-- Source data --
........

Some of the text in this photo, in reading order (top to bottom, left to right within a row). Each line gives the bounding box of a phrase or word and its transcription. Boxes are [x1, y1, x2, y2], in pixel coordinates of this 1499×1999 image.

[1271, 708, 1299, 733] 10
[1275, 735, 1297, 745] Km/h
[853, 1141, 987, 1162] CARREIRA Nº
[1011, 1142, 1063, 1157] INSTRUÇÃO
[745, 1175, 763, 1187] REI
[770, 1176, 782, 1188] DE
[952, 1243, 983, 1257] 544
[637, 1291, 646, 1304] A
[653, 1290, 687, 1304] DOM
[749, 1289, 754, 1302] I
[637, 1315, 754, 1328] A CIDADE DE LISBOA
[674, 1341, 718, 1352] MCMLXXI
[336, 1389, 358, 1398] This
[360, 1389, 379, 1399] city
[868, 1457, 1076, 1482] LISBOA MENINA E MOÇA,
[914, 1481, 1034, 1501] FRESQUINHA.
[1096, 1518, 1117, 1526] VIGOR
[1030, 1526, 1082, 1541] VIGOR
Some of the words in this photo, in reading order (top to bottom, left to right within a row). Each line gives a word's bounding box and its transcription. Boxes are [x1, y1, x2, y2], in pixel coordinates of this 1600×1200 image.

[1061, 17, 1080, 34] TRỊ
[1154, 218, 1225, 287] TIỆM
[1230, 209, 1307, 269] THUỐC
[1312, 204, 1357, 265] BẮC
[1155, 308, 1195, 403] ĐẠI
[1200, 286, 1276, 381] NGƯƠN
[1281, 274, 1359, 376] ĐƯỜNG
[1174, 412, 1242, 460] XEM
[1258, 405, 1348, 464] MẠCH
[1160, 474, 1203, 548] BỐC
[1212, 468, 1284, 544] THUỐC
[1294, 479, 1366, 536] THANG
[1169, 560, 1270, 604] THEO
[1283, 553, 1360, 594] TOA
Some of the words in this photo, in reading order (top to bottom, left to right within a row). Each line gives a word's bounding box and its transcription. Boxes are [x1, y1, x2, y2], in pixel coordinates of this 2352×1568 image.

........

-- Task objective --
Down to the last line, copy the entries above exactly.

-- The answer --
Some of the text in this photo, in reading order (top to bottom, left to right within a row). Each line gives the bounding box of a phrase or word and its transcription. Boxes are [x1, y1, x2, y2], in pixel coordinates of this 1499×1999 image.

[1271, 708, 1299, 733] 10
[1275, 735, 1297, 745] Km/h
[853, 1141, 987, 1162] CARREIRA Nº
[1011, 1142, 1063, 1157] INSTRUÇÃO
[745, 1175, 763, 1187] REI
[770, 1176, 782, 1188] DE
[952, 1243, 983, 1257] 544
[637, 1291, 646, 1304] A
[653, 1290, 687, 1304] DOM
[749, 1289, 754, 1302] I
[637, 1315, 754, 1328] A CIDADE DE LISBOA
[674, 1341, 718, 1352] MCMLXXI
[336, 1389, 358, 1398] This
[360, 1389, 379, 1399] city
[868, 1457, 1076, 1482] LISBOA MENINA E MOÇA,
[914, 1481, 1034, 1501] FRESQUINHA.
[1096, 1518, 1117, 1526] VIGOR
[1030, 1526, 1082, 1541] VIGOR
Some of the words in this photo, in reading order (top to bottom, left to right within a row). Each line gives a word's bounding box and its transcription. Boxes are [x1, y1, x2, y2], in pixel coordinates of this 1600×1200 image.

[1061, 17, 1080, 34] TRỊ
[1154, 218, 1225, 287] TIỆM
[1230, 209, 1307, 269] THUỐC
[1312, 204, 1357, 265] BẮC
[1155, 308, 1195, 403] ĐẠI
[1200, 286, 1276, 381] NGƯƠN
[1281, 274, 1359, 376] ĐƯỜNG
[1174, 412, 1242, 460] XEM
[1258, 405, 1348, 464] MẠCH
[1160, 474, 1203, 548] BỐC
[1212, 468, 1284, 544] THUỐC
[1294, 479, 1366, 536] THANG
[1169, 560, 1270, 604] THEO
[1283, 553, 1360, 594] TOA
Some of the words in this photo, in reading order (top to bottom, left to right within a row). Each line gives a word's bounding box and its transcription. Boxes are [x1, y1, x2, y2], in pixel coordinates of this 2352×1568 image.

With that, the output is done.